図2 Projectsタブ(Rails用のテンプレートを使用してプロジェクトを作成したところ) |
なお、KomodoEditはプロジェクトを作成しなくても、単独のファイルをエディタとして編集することが可能だ。その場合でも後述する編集支援機能などを利用することができる。使い捨てのスクリプトを書く場合や既存のスクリプトのちょっとした修正程度であれば、わざわざプロジェクトを作る必要はないだろう。
スクリプトの編集支援機能
エディタではソースコードの強調表示、関数部分などはフォールディング(折りたたみ)などが可能なほか、一般的な統合開発環境と同様入力補完機能が利用可能だ。スクリプトを編集していると、以下のような補完候補ウィンドウがポップアップ表示される。そのまま入力を続けると絞り込み検索が行われ、候補を選択して[ENTER]で確定することができる。
図3 入力補完 |
また、[CTRL]+[SPACE]でファイル内の単語を補完することができる。こちらの場合はポップアップウィンドウは表示されず、[CTRL]+ [SPACE]を押下するたびに候補が次々と表示される。Emacsでいうところの「動的略語展開(dabbrev)」と同様の機能だ。
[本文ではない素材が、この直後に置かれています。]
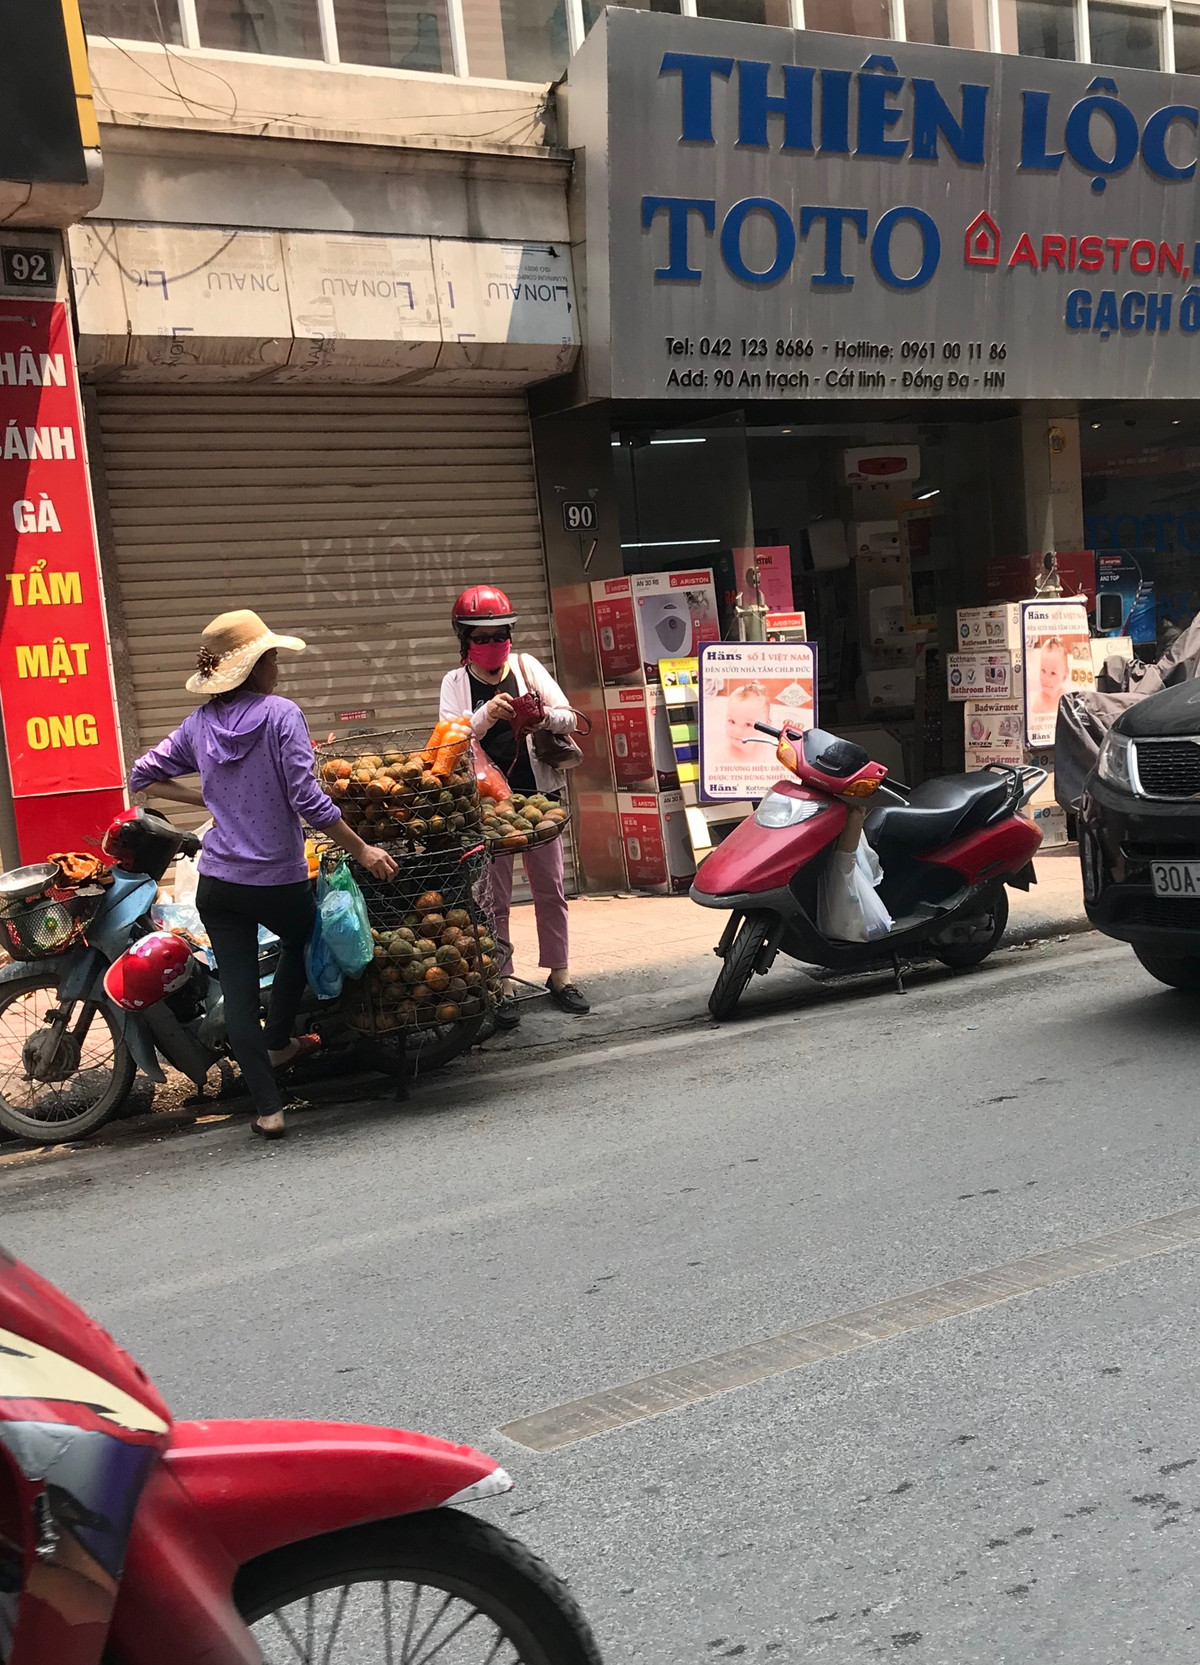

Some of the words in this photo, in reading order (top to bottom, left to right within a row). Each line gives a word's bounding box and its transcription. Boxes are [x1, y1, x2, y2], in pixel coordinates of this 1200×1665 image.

[657, 52, 990, 165] THIÊN
[1016, 75, 1200, 194] LỘC
[641, 195, 942, 290] TOTO
[12, 254, 48, 281] 92
[321, 278, 415, 310] LIONALU
[487, 282, 572, 313] LIONALU
[1066, 288, 1173, 338] GẠCH
[665, 337, 695, 358] Tel:
[699, 337, 732, 358] 042
[740, 338, 769, 358] 123
[775, 338, 814, 358] 8686
[834, 339, 895, 359] Hotline:
[900, 341, 936, 360] 0961
[942, 341, 962, 360] 00
[968, 342, 983, 360] 11
[989, 342, 1008, 361] 86
[666, 368, 709, 388] Add:
[713, 369, 735, 388] 90
[738, 370, 762, 389] An
[765, 369, 810, 393] trạch
[825, 366, 856, 388] Cát
[858, 370, 886, 388] linh
[902, 367, 944, 392] Đống
[947, 370, 970, 388] Đa
[984, 371, 1006, 389] HN
[0, 419, 76, 461] ÁNH
[13, 491, 62, 534] GÀ
[568, 506, 593, 527] 90
[6, 558, 84, 607] TẨM
[680, 576, 709, 585] ARISTON
[772, 619, 801, 627] ARISTON
[1027, 611, 1049, 620] Häns
[15, 636, 91, 685] MẬT
[706, 651, 742, 661] Häns
[747, 652, 759, 661] SỐ
[761, 651, 766, 661] 1
[768, 653, 788, 662] VIỆT
[790, 653, 810, 661] NAM
[951, 686, 985, 694] Bathroom
[985, 685, 1009, 693] Heater
[974, 703, 1019, 712] Badwärmer
[25, 713, 99, 751] ONG
[1031, 733, 1051, 741] Häns
[975, 755, 1021, 764] Badwärmer
[709, 783, 738, 792] Häns
[637, 799, 657, 808] ARISTON
スクリプトを編集するとリアルタイムで構文のチェックが行われる。エラーはエディタ上で以下のように下線で表示され、マウスカーソルをあわせるとエラー内容がホバー表示される。
図4 構文エラーの表示 |
その他の機能
- Toolbox
「View」メニューから「Tabs」→「Toolbox」でToolboxタブを表示することができる。Toolboxタブにはよく使うコードの断片(スニペット)やコマンド、URLなどを登録しておくことができる。
図5 Toolboxタブ |
- キーボードマクロ
KomodoEditではキーボードマクロも利用可能だ。「Tools」メニューの「Macros」から記録/再生を行うことができる。
図6 キーボードマクロ |
- KomodoEditの設定
「Edit」メニューから「Preferences」でキーバインドやフォント、インタプリタの指定などKomodoEdit全体の設定を行うことができる。キーバインドはEmacsやvi風に変更することも可能だ。
図7 Preferencesダイアログ |
日本語の扱いにやや難あり
本稿で解説したとおり、KomodoEditはデバッガなどの本格的な開発支援機能は利用できないものの、さまざまなLLやプラットフォームに対応しており、「LL向けの機能を備えたテキストエディタ」と割り切って使えば充分に強力な開発環境といえる。EclipseなどのIDEと比べて軽快に動作する点も魅力だ。また、KomodoIDEの導入前にKomodoEditで基本的な機能の使い勝手を試しておくのもいいだろう。
ただし、KomodoEditで日本語を扱う場合、スクリプトのエンコーディングをUTF-8に指定する必要があるという点には注意が必要だ。